Activity: Return the records as they stand. No picture is to be included.

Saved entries
^^^^^^^^^^^^^^^^

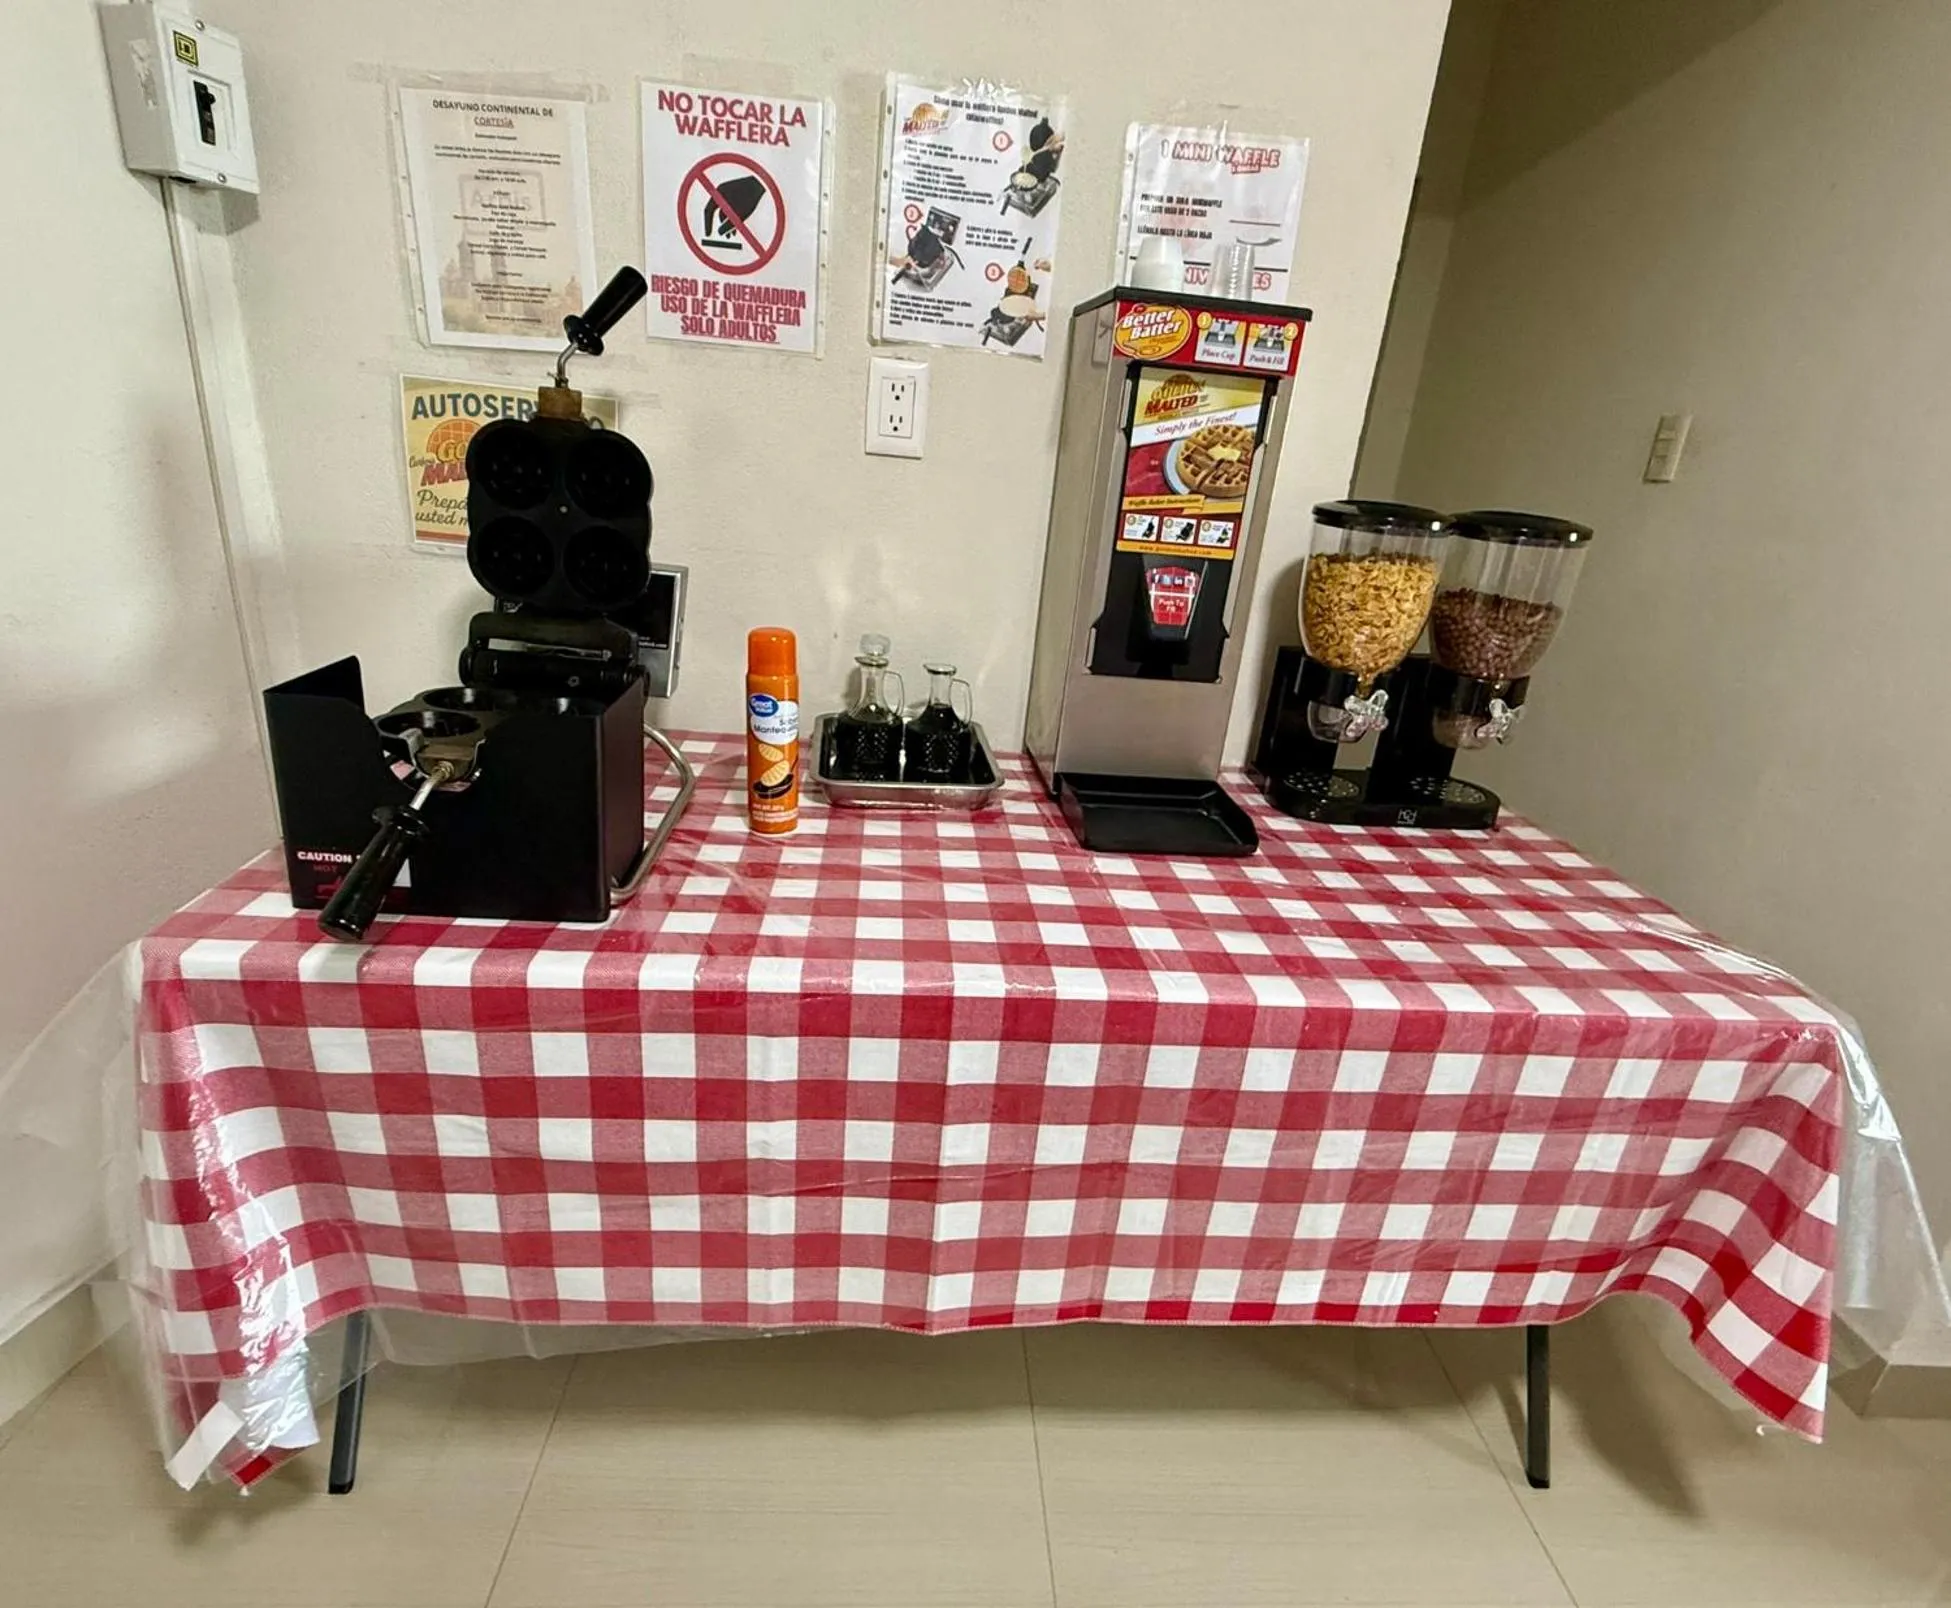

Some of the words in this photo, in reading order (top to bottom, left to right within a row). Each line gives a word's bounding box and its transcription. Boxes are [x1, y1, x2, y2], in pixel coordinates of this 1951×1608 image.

[432, 100, 479, 112] DESAYUNO
[481, 104, 540, 117] CONTINENTAL
[542, 107, 553, 117] DE
[658, 90, 692, 114] NO
[698, 95, 774, 123] TOCAR
[780, 105, 806, 128] LA
[674, 114, 790, 147] WAFFLERA
[1172, 141, 1212, 162] MINI
[1216, 144, 1281, 168] WAFFLE
[651, 275, 698, 296] RIESGO
[702, 280, 720, 299] DE
[723, 283, 806, 309] QUEMADURA
[660, 294, 687, 313] USO
[692, 297, 708, 316] DE
[712, 301, 728, 318] LA
[733, 302, 801, 326] WAFFLERA
[1122, 310, 1175, 328] Better
[681, 315, 714, 335] SOLO
[719, 320, 777, 342] ADULTOS
[1130, 321, 1182, 339] Batter
[411, 392, 537, 421] AUTOSER
[1145, 395, 1198, 416] MALTED
[1155, 421, 1187, 436] Simply
[1189, 418, 1203, 429] the
[1205, 412, 1238, 426] Finest!
[436, 440, 466, 464] GO
[420, 461, 466, 487] MAL
[417, 489, 467, 513] Prepa
[415, 510, 456, 525] usted
[296, 851, 353, 864] CAUTION

^^^^^^^^^^^^^^^^

Result of the task:
Some of the words in this photo, in reading order (top to bottom, left to right within a row). Each line gives a word's bounding box and its transcription. Boxes are [x1, y1, x2, y2], in pixel coordinates of this 1951×1608 image.

[432, 100, 479, 112] DESAYUNO
[481, 104, 540, 117] CONTINENTAL
[542, 107, 553, 117] DE
[658, 90, 692, 114] NO
[698, 95, 774, 123] TOCAR
[780, 105, 806, 128] LA
[674, 114, 790, 147] WAFFLERA
[1172, 141, 1212, 162] MINI
[1216, 144, 1281, 168] WAFFLE
[651, 275, 698, 296] RIESGO
[702, 280, 720, 299] DE
[723, 283, 806, 309] QUEMADURA
[660, 294, 687, 313] USO
[692, 297, 708, 316] DE
[712, 301, 728, 318] LA
[733, 302, 801, 326] WAFFLERA
[1122, 310, 1175, 328] Better
[681, 315, 714, 335] SOLO
[719, 320, 777, 342] ADULTOS
[1130, 321, 1182, 339] Batter
[411, 392, 537, 421] AUTOSER
[1145, 395, 1198, 416] MALTED
[1155, 421, 1187, 436] Simply
[1189, 418, 1203, 429] the
[1205, 412, 1238, 426] Finest!
[436, 440, 466, 464] GO
[420, 461, 466, 487] MAL
[417, 489, 467, 513] Prepa
[415, 510, 456, 525] usted
[296, 851, 353, 864] CAUTION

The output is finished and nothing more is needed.